|
提橋和男の新☆管理人のつぶやき 1052_3

星野J支える、宮本のボヤキならぬ「小言」
2007/11/09 10:24更新

台湾を破って五輪出場権を獲得し、
胴上げされる宮本慎也主将=3日、台中洲際棒球場(撮影・浅野直哉) |
北京五輪出場を目指す星野ジャパン。個性派集団をまとめる主将は、WBCでも精神的支柱だったヤクルト・宮本だ。若手も目を見張る軽快なプレーと、恩師でもある野村監督のボヤキならぬ「小言」でチームを引っ張る。
日本代表候補は7日、神戸での合同自主トレを打ち上げた。11日に宮崎に再集合して、本格的な強化合宿に入る。
この10日間、チームは日増しに戦闘モードへ前進。星野監督も「宮本キャプテンがいい小言を言ってくれている」と、合宿中に37歳を迎えた主将の働きに満足そうだ。
招集初日、監督から主将を命じられた宮本は、涼しい顔でいきなり手綱を締めた。「WBCのようにはうまくいかないと思う」。初開催のWBCと歴史ある五輪の重みの違い、勝って当然という重圧などに言及した。
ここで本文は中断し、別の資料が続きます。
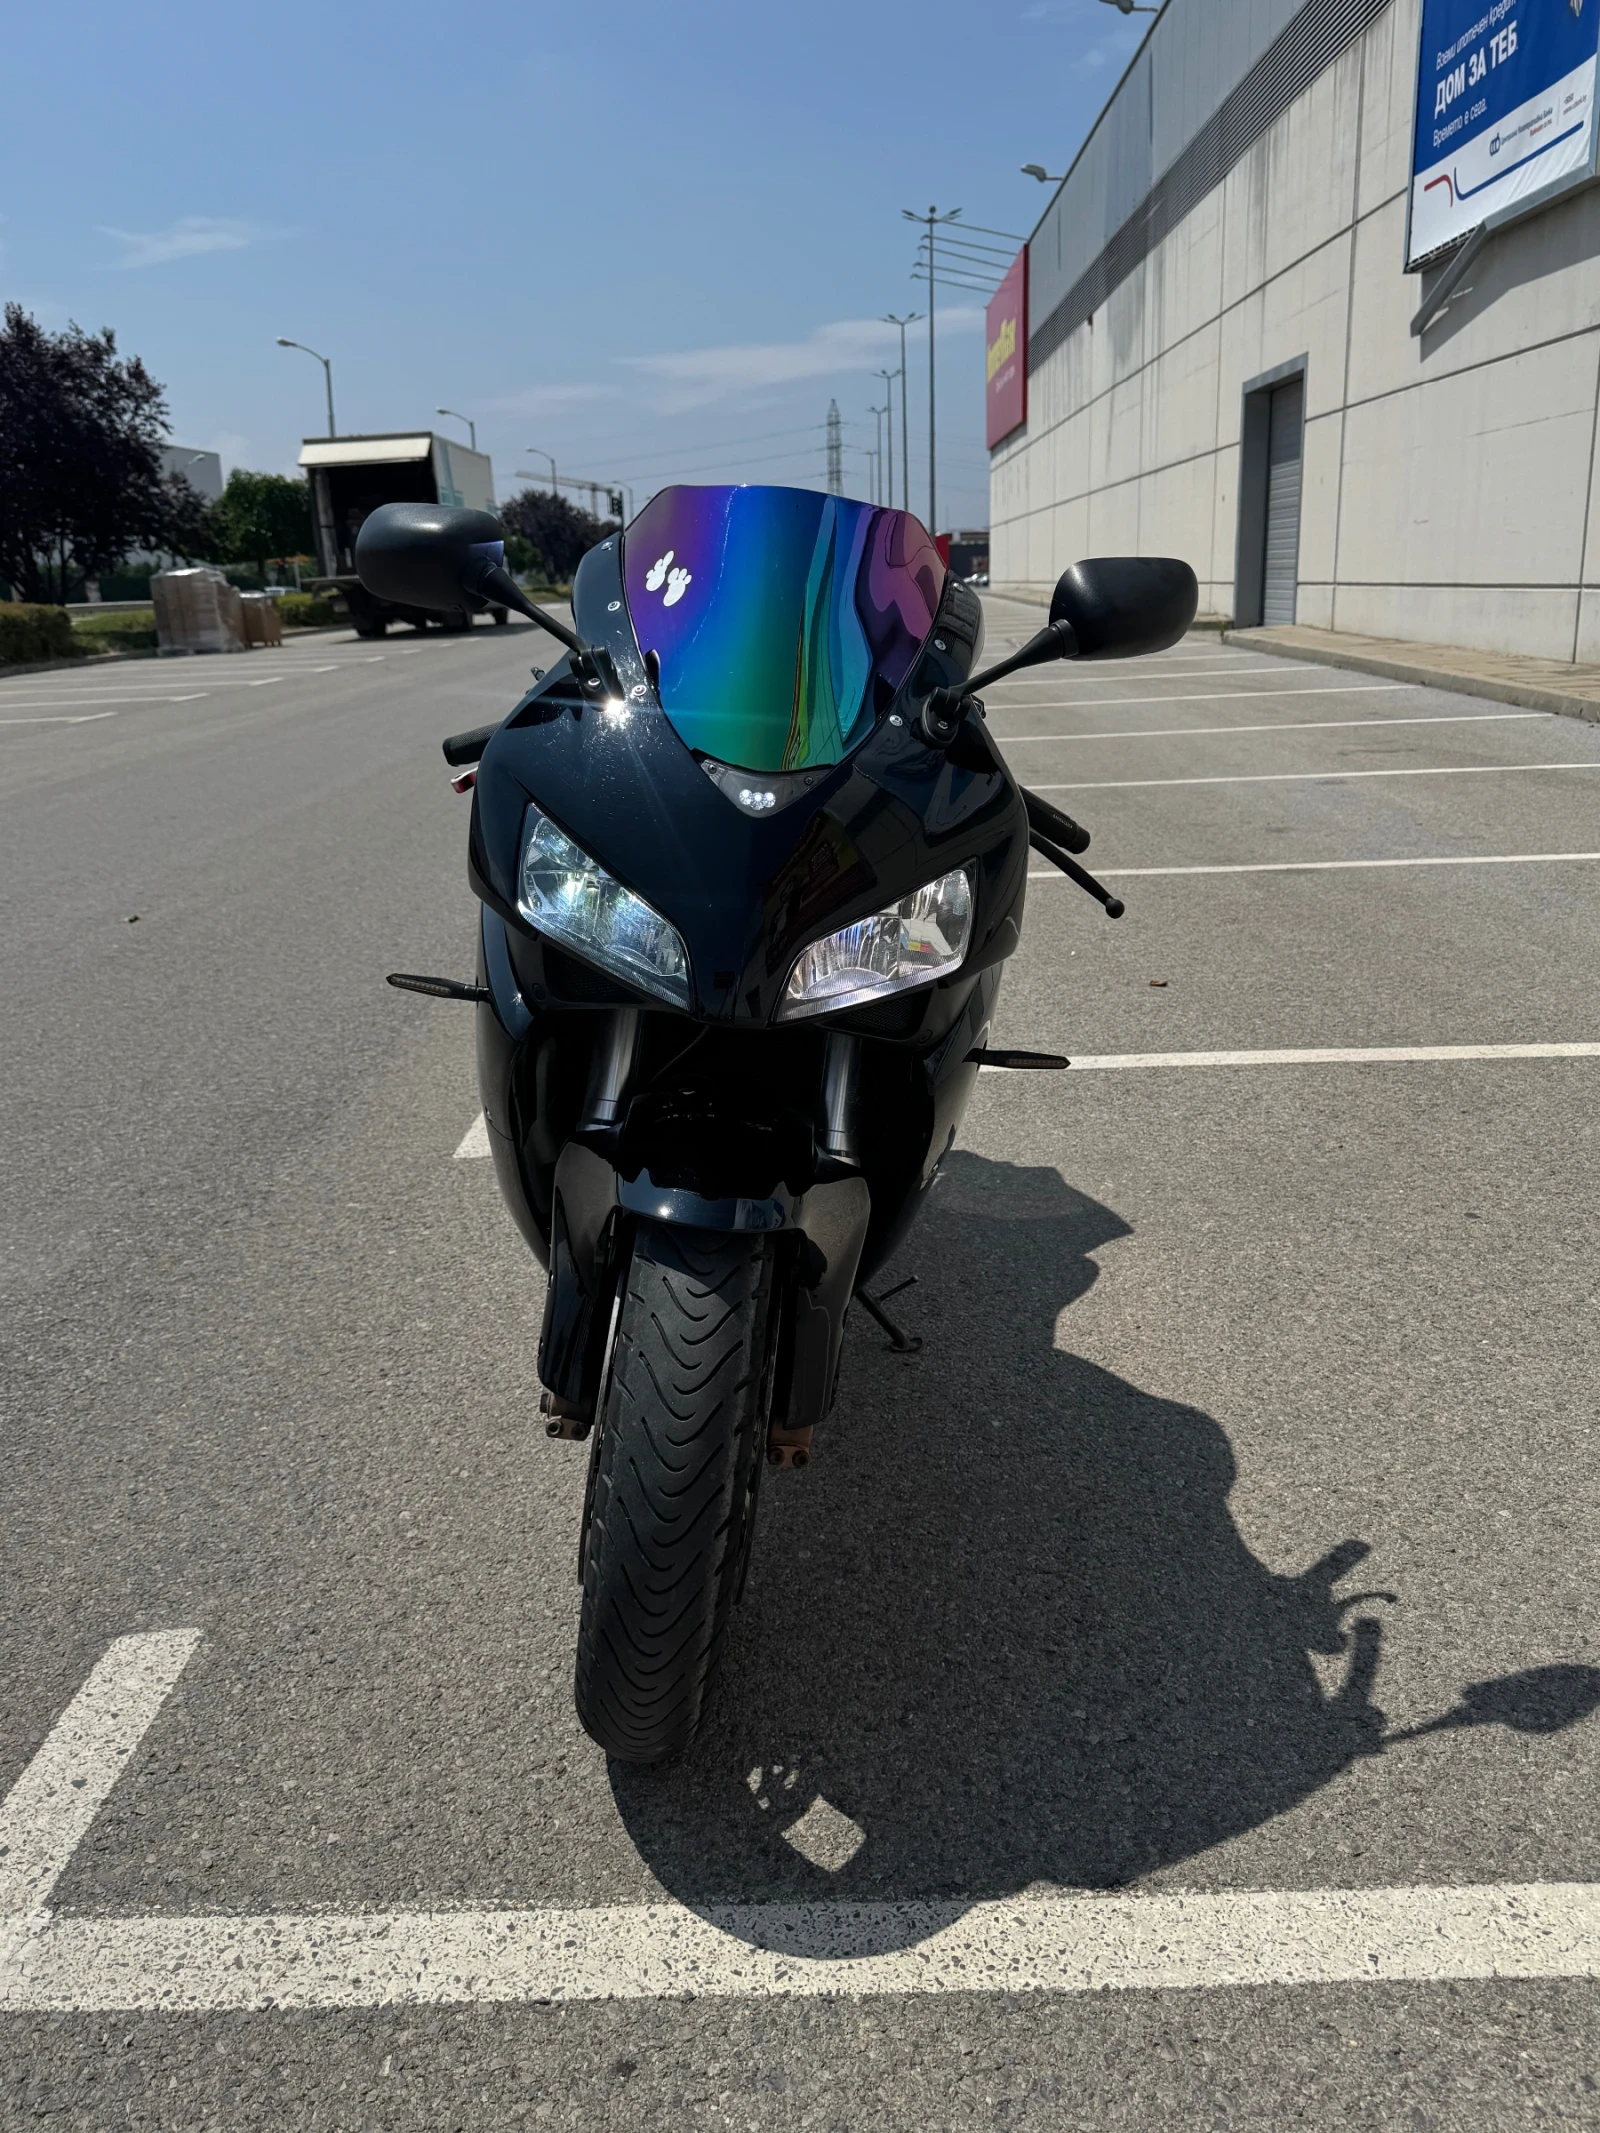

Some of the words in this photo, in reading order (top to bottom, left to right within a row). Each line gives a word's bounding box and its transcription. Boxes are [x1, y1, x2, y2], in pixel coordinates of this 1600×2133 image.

6日の練習試合後、社会人相手に9−0で快勝して意気上がるナインをよそに、「まだ雰囲気はオールスター。笑い声もあった。実際はそんな感じで試合はできない」と苦言を呈した。
マスコミを介して選手にもの申し、発奮させる手法は、恩師である楽天・野村監督も得意とするところ。宮本も打撃が不得手なころ、ノムさんに専守防衛の「自衛隊や」とぼやかれたクチだ。
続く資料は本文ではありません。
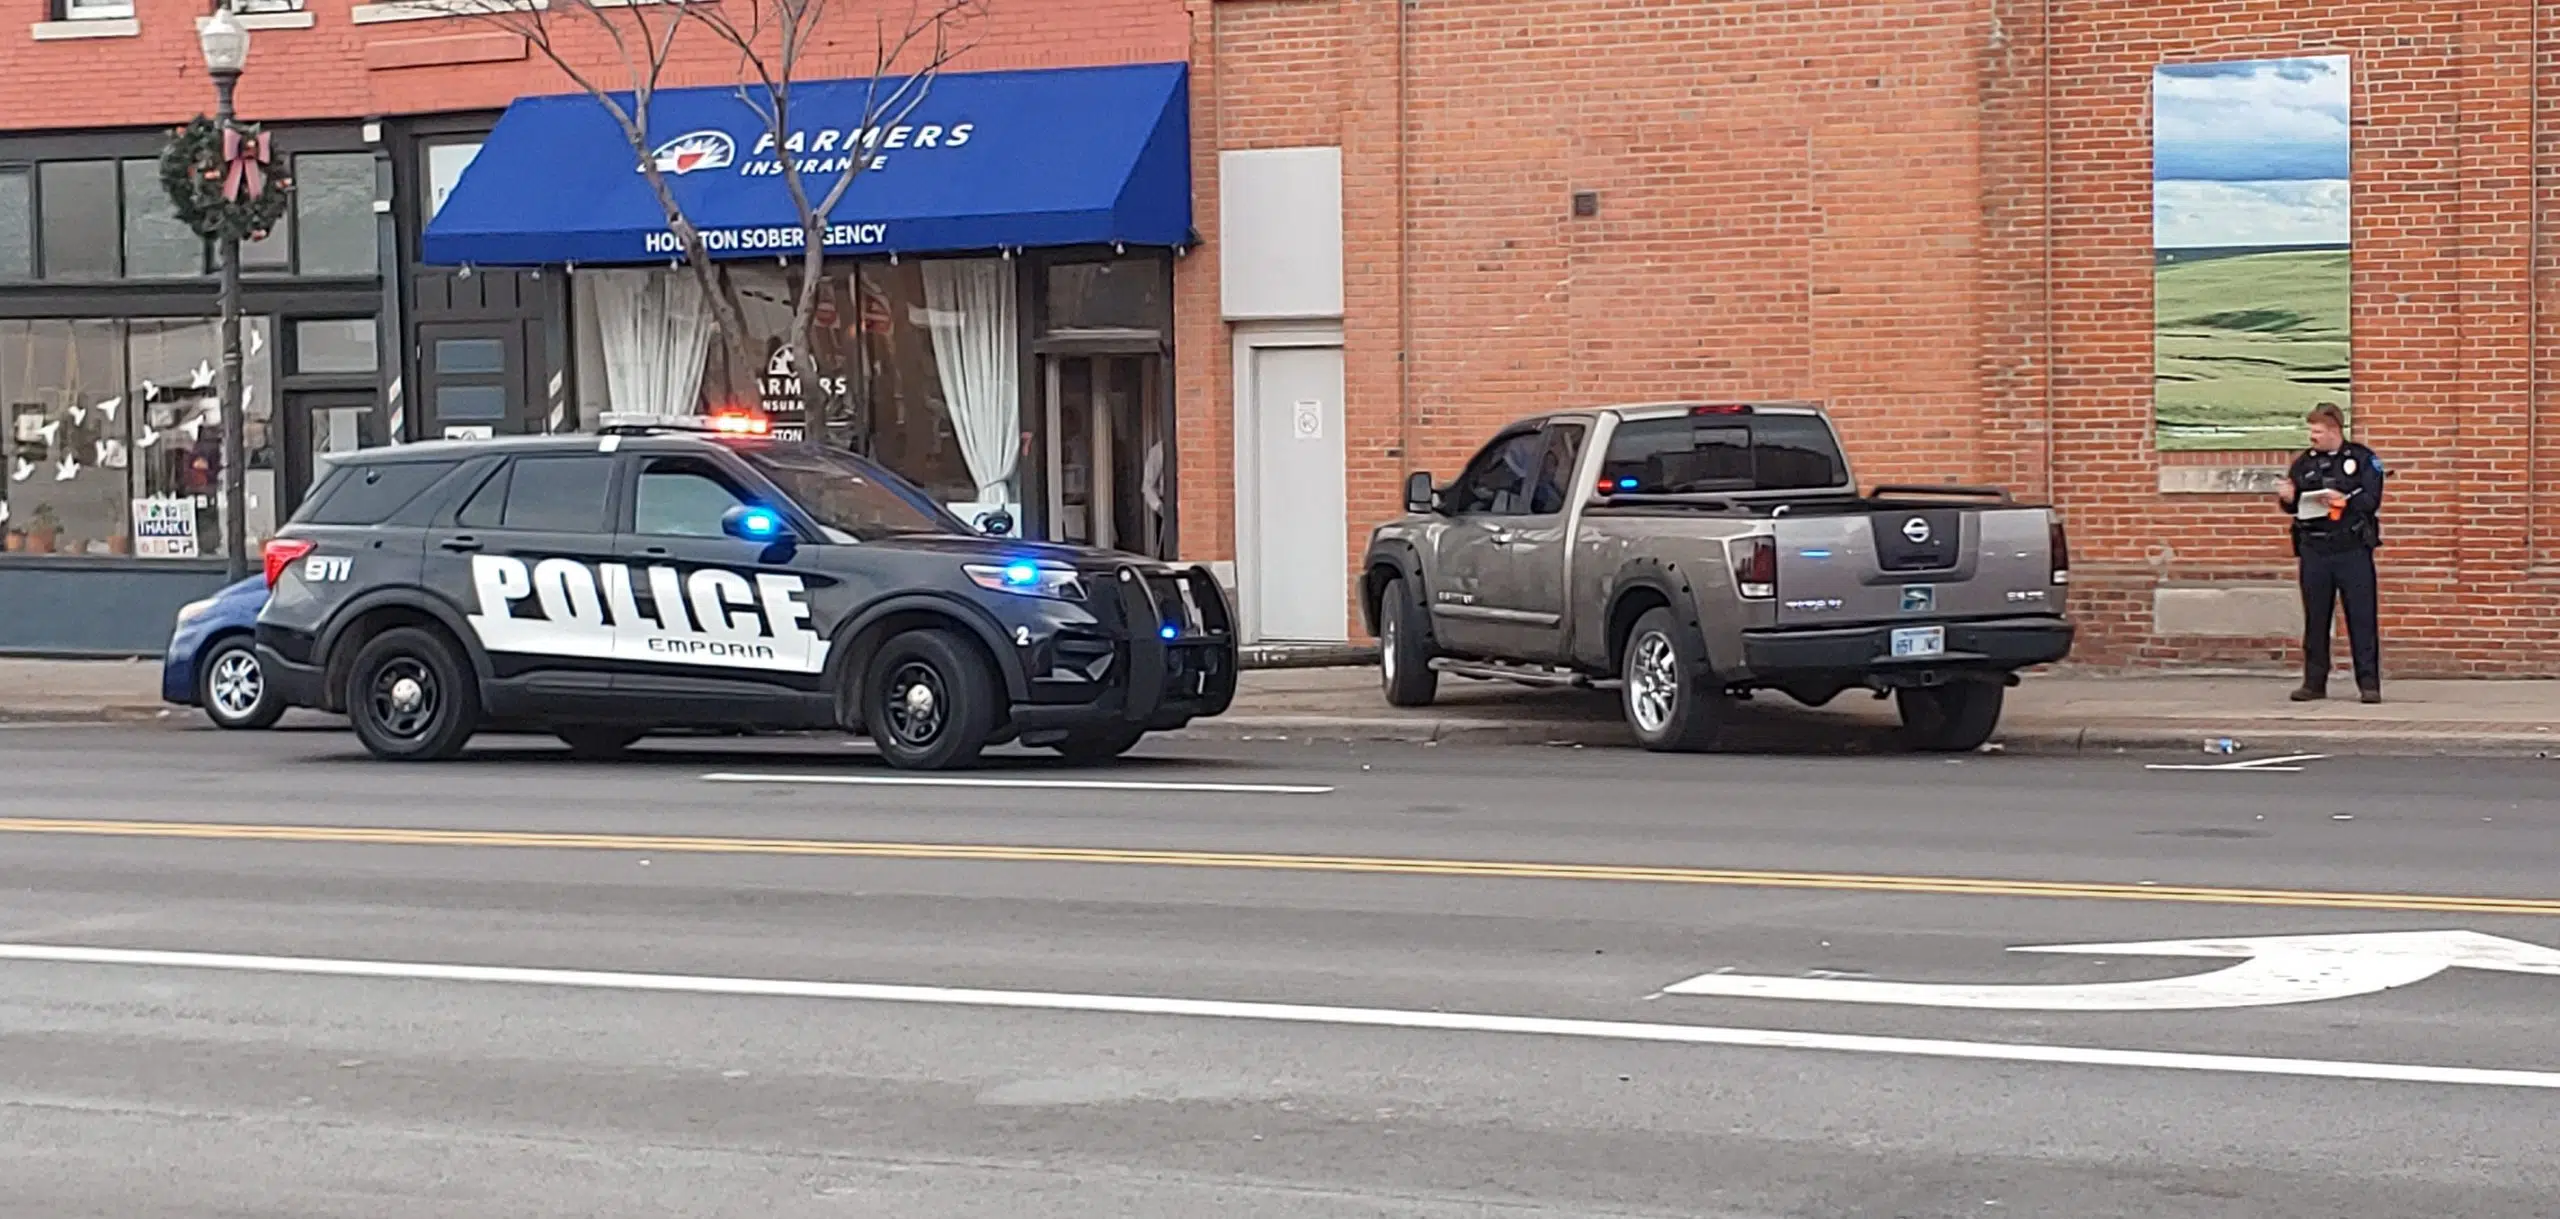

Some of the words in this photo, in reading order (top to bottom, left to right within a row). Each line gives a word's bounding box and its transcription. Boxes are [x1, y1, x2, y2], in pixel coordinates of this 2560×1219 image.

[752, 123, 974, 156] FARMERS
[740, 155, 888, 176] INSRANE
[646, 231, 739, 252] HOUTON
[741, 228, 804, 248] SOBER
[820, 223, 886, 245] GENCY
[756, 377, 847, 396] RMRS
[305, 555, 354, 581] 911
[472, 554, 816, 638] POLICE
[1015, 626, 1030, 646] 2
[647, 637, 775, 660] EMPORIA
一方で献身と気配りを絶やさない。選手の背番号は基本的に所属チームのものと一緒で、重なった場合は先輩優先だが、宮本は「6」を年下の中日・井端に譲り、自らは「36」を選んだ。練習ではトスバッティングをする選手のためにボールを上げてやり居残り特打に付き合って打撃投手まで買って出る。練習試合では一塁コーチャーにも立った。
とはいえ、宮本は監督でもコーチでもなく、あくまで候補の一選手。小言を言う分、自身のプレーに対する責任も増す。両ふくらはぎに不安を抱えるため、他の選手より一足早く宿舎を出て、球場で入念に準備。きびきびとした動きで、練習中の空気を引き締めた。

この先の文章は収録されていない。